Договорились, что он будет регулярно писать ей, но с момента отъезда прошло три месяца, а она не получила от него ни строки. Она пошарила в сумочке, надеясь отыскать там его визитную карточку. Может быть, если я, на моем английском, напишу за нее письмо, он ответит? Но карточка так и не обнаружилась. Ей, правда, запомнилось, что живет он в помещении какого-то клуба атлетов в Нью-Йорке. По ее словам, там же обитает и его супруга. Подошел гарсон; она заказала еще чашку черного кофе. Было уже одиннадцать, а, быть может, и больше, и я всерьез засомневался, что нам удастся попасть в простой, недорогой ресторанчик из числа тех, что она имела в виду.
Я все еще терялся в размышлениях о м-ре Уинчелле и таинственном клубе атлетов, где он предпочел обосноваться, когда откуда-то издали до меня донесся ее голос: — Послушай, я не хочу, чтобы ты на меня тратился. Надеюсь, ты не богат; впрочем, мне нет дела до того, сколько у тебя денег. Для меня просто поговорить с тобой — уже праздник. Ты не можешь себе представить, что чувствуешь, когда с тобой обращаются как с человеком! — И вновь забушевал вулкан воспоминаний — о Коста-Рике и других местах, о мужчинах, с которыми она спала, и о том, что это не было ремеслом, ибо она их любила; и о том, что она должна была запомниться им на всю жизнь, ибо, отдаваясь тому или иному мужчине, отдавалась ему телом и душой. Она опять поглядела на свои руки, потерянно улыбнулась и запахнула вокруг шеи свою потертую горжетку.
Вне зависимости от того, сколь многое в рассказе Мары было плодом фантазии, я сознавал: чувства ее честны и неподдельны. Стремясь хоть как-то облегчить ее положение, я предложил ей — пожалуй, не слишком осмотрительно — все деньги, что у меня были с собой, намереваясь тут же встать и распрощаться. У меня не было никаких задних мыслей: просто хотелось дать ей понять, что она не обязана терпеть мое присутствие в благодарность за такую малость, как ужин. Даже намекнул, что, быть может, ей стоит побыть одной: прогуляться по улицам, напиться, выплакаться.
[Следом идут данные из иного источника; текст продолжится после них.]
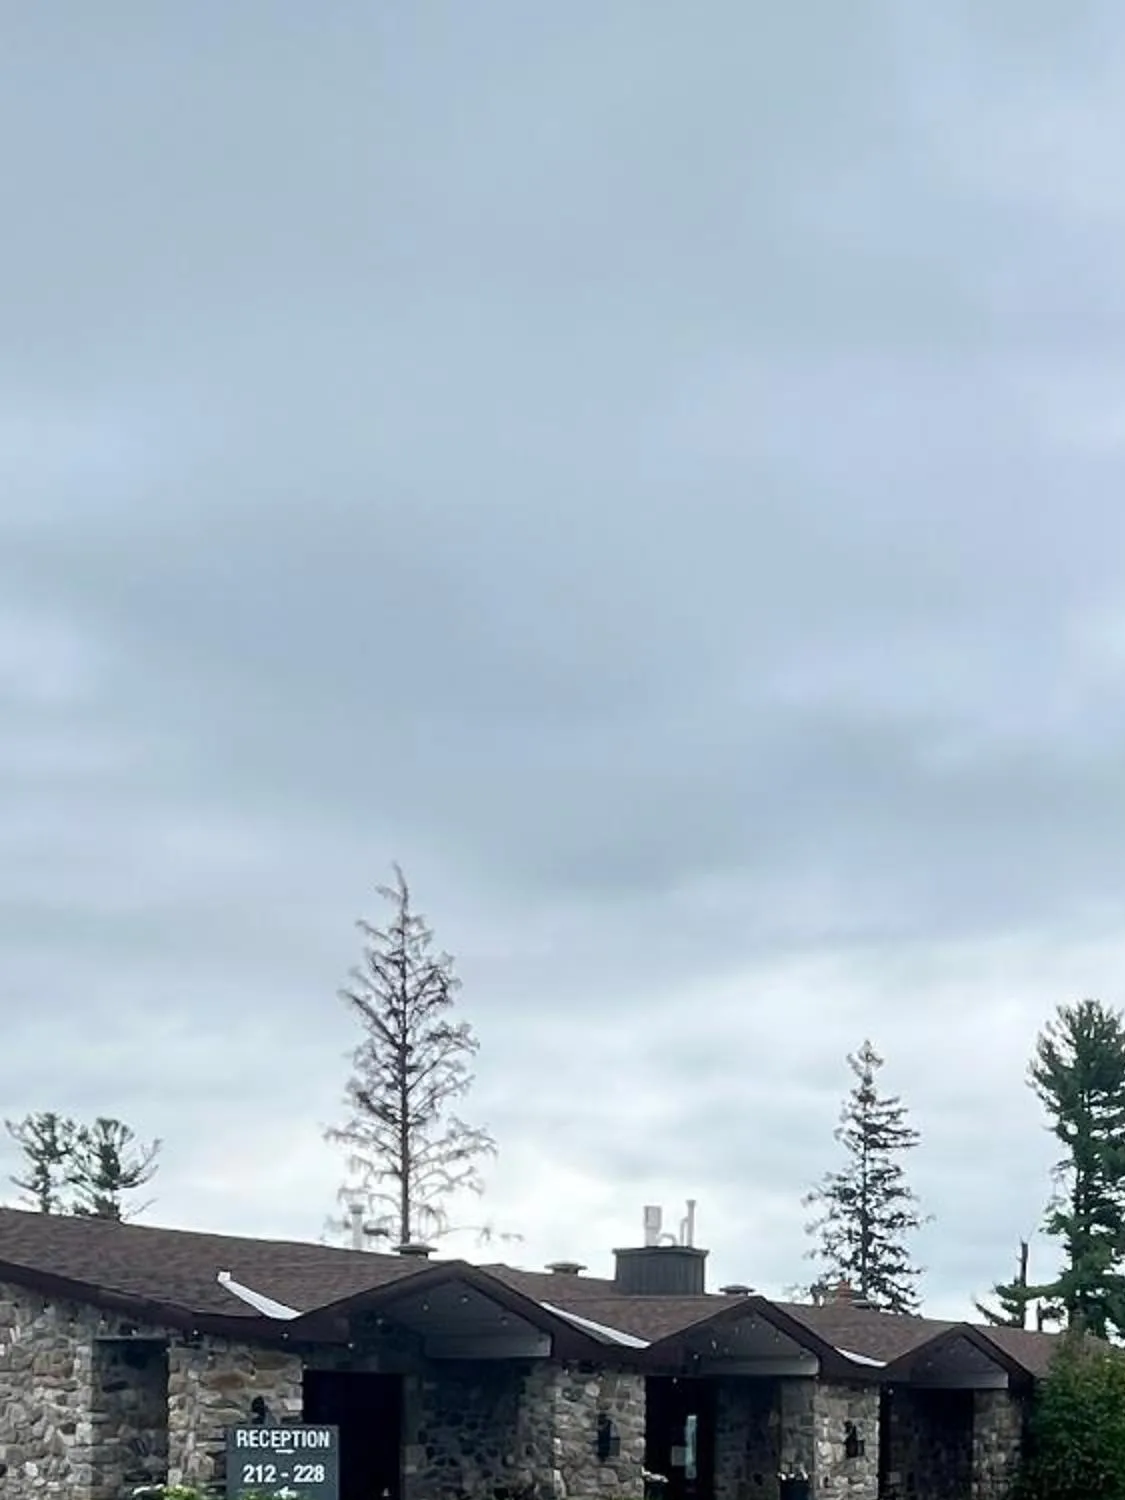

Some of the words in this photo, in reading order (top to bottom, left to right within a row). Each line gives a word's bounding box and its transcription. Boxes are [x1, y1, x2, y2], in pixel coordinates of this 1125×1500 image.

Намекнул так деликатно и тактично, как только умел.
И все же она не обнаружила стремления расстаться со мной. В ней явно боролись противоречивые импульсы. Она уже забыла, что голодна и замерзла. Несомненно, в ее сознании я уже пополнил ряды тех, кого она любила, кому отдавалась телом и душой, — и тех, кому, по ее словам, суждено было запомнить ее навсегда.
Ситуация становилась столь щекотливой, что я вынужден был попросить ее перейти на французский: не хотелось, чтобы все нежное, хрупкое, интимное, что, рождаясь в ее душе, находило выход наружу, обезображивалось, облекаясь в ее чудовищный костариканский английский.
— Поверь, — выпалила она, — будь на твоем месте другой, я бы уже давно перешла на французский. Вообще-то мне трудно говорить по-английски; я от этого устаю. Но сейчас я чувствую себя иначе. Разве это не прекрасно — говорить по-английски с кем-то, кто тебя понимает? Бывает, ложишься с мужиком в постель, а он с тобой ни слова. Я, Мара, его нисколько не интересую. Не интересует ничего, кроме моего тела. Что я могу дать такому?.. Вот, потрогай, видишь, как я разгорячилась… Я вся горю.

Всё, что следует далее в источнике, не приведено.